Coburn: Congress Is No. 1 Wasteful Expense
October 17, 2012 by Sam Rolley
What is the biggest Federal waste of taxpayer money? According to budget hawk Senator Tom Coburn (R-Okla.) in his annual “Wastebook,” taxpayers are getting ripped off by employing an ineffective Congress.
Coburn notes in his annual list of wasteful government spending that the current Congress is on track to be the least productive that it has been since 1947, approving only 61 laws this year. He suggests that, as a result, Congress’ $1.32 billion budget for member, leadership and committee offices should be cut by 10 percent.
In “Wastebook,” Coburn writes:
Whether it was failing to hold oversight hearings, pass laws, cut unnecessary spending, or simply cast votes on amendments, the U.S. Congress let taxpayers down in 2012. In fact, many high school student councils have been more deliberative than the U.S. Senate.
All that follows in this report can be traced right back to what Congress has and has not done. Article 1, Section 9 of the U.S. Constitution entrusts Congress with the responsibility to approve how money is spent out of the Treasury and to account for such expenditures. Congress approved every cent spent to fund the projects outlined in this report and did nothing to stop any of these expenditures. In fact, in many cases members of Congress actually took credit for the projects with no shame. All of the outrageous and wasteful contents of this report were made possible by either the action or lack of action of Congress, earning it the well-deserved but unwanted distinction as the biggest waste of taxpayer money in 2012.
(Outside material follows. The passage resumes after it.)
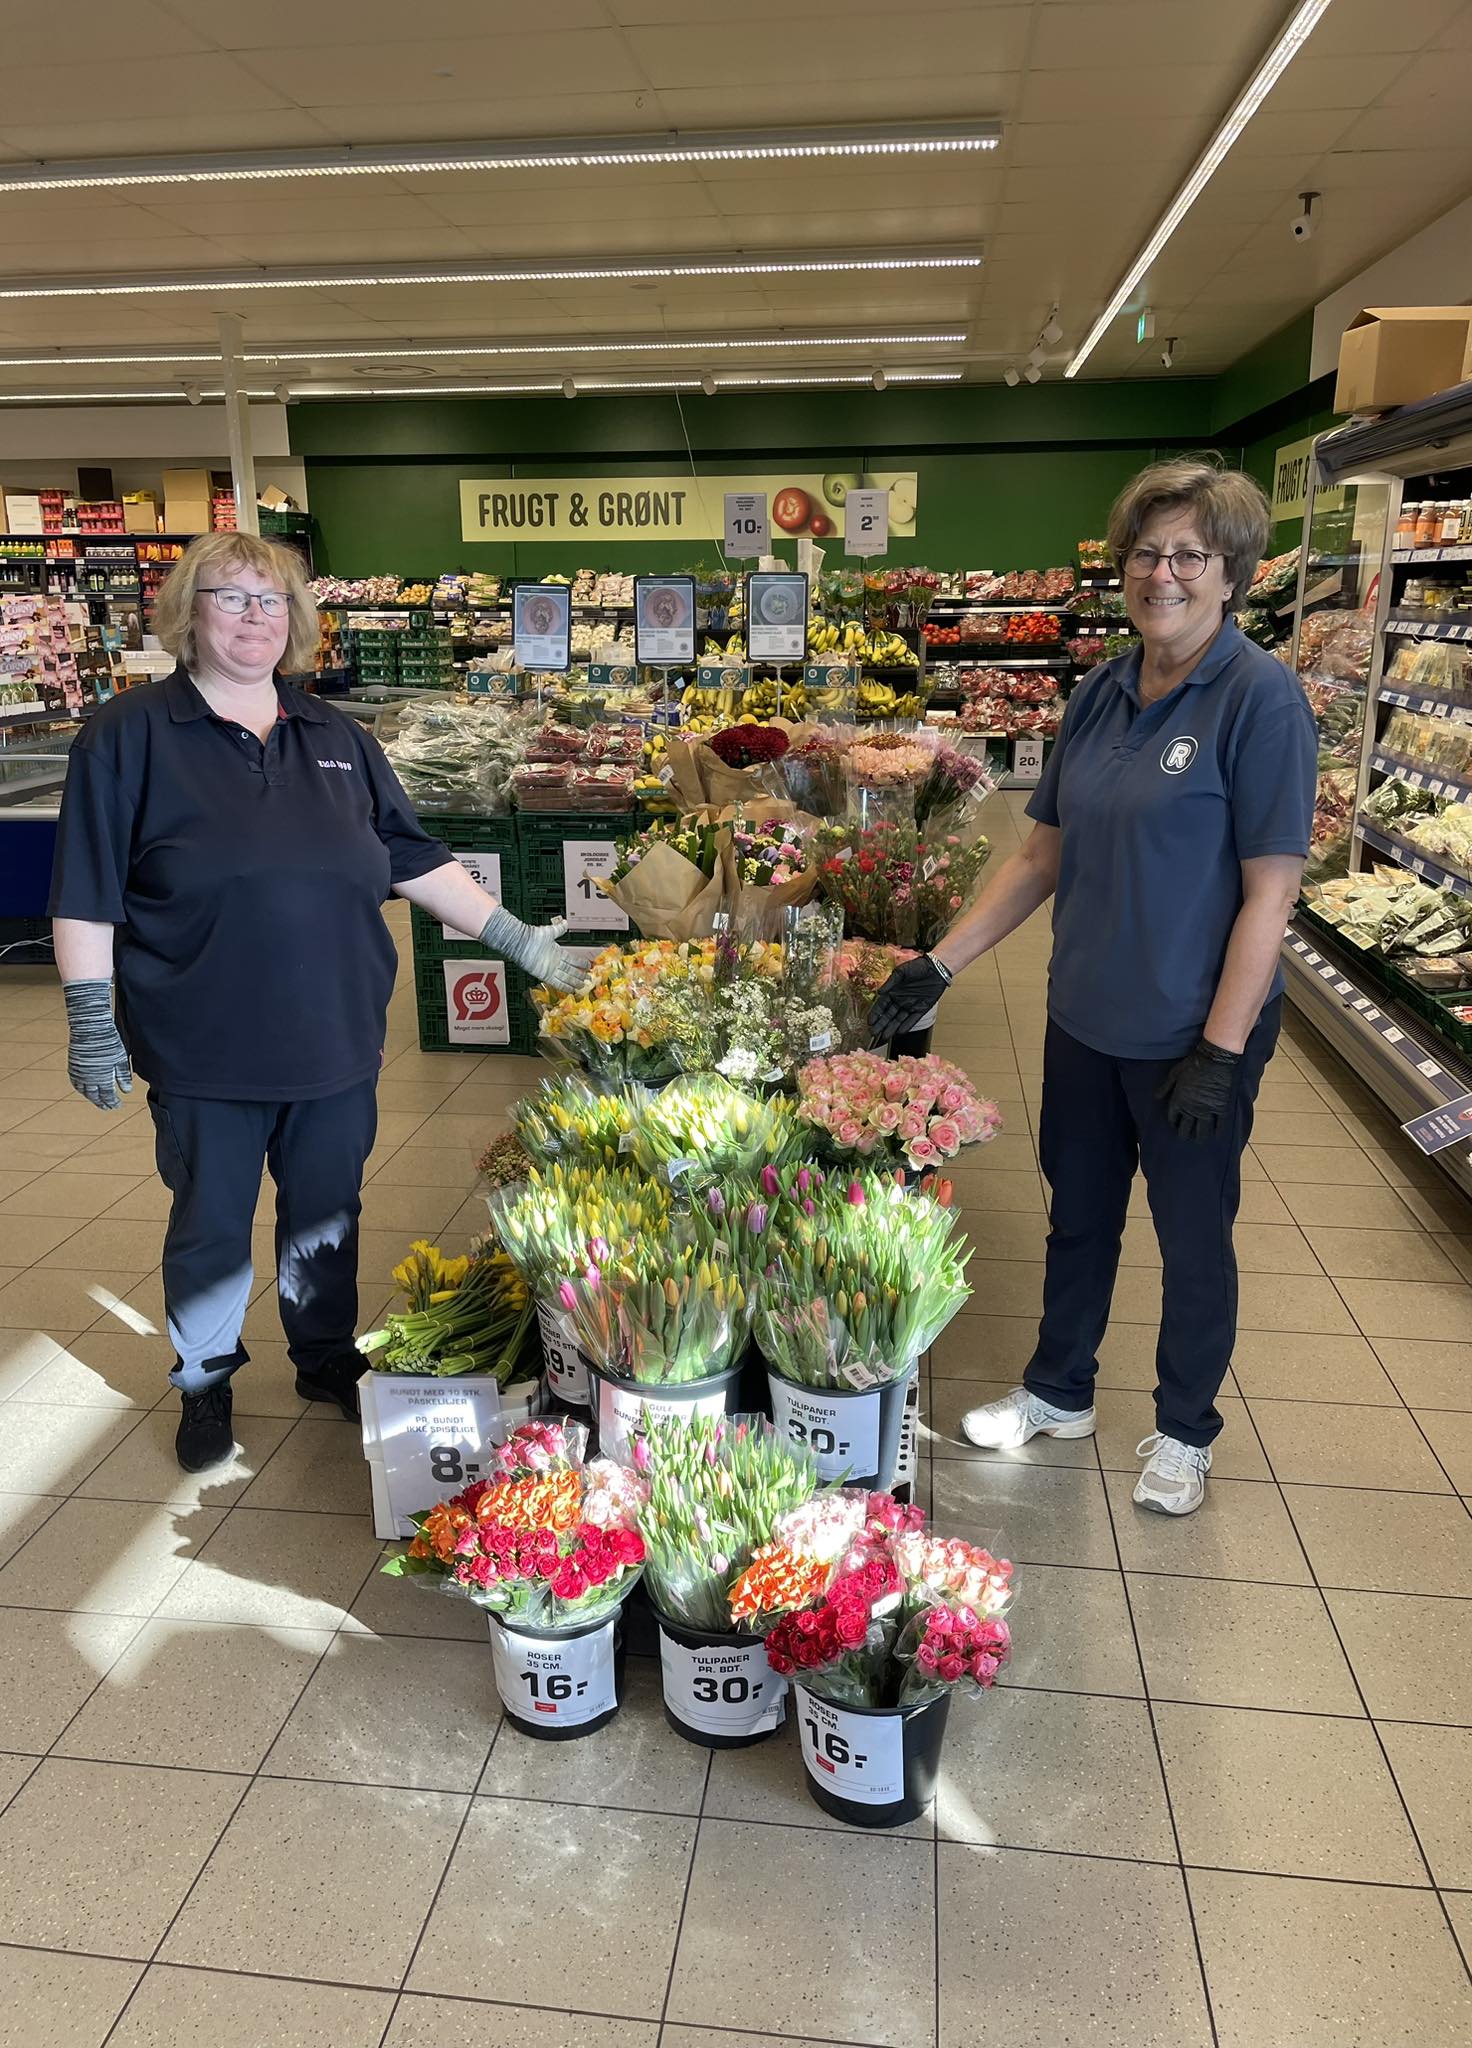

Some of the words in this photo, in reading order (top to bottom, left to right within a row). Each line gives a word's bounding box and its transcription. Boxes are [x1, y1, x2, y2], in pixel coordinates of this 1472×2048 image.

Other examples of government wasteful spending include money spent to encourage caviar eating, tax breaks for the National Football League and other professional sports, rules that allow people to use food stamps for alcohol, a NASA program to make pizza to eat on Mars, and a $325,000 grant to produce a robot squirrel designed to lure rattlesnakes.
“As you look at these examples, put your personal political persuasion aside and ask yourself: Would you agree with Washington that these represent national priorities, or would you conclude these reflect the out-of-touch and out-of-control spending threatening to bankrupt our nation’s future?” Coburn asks.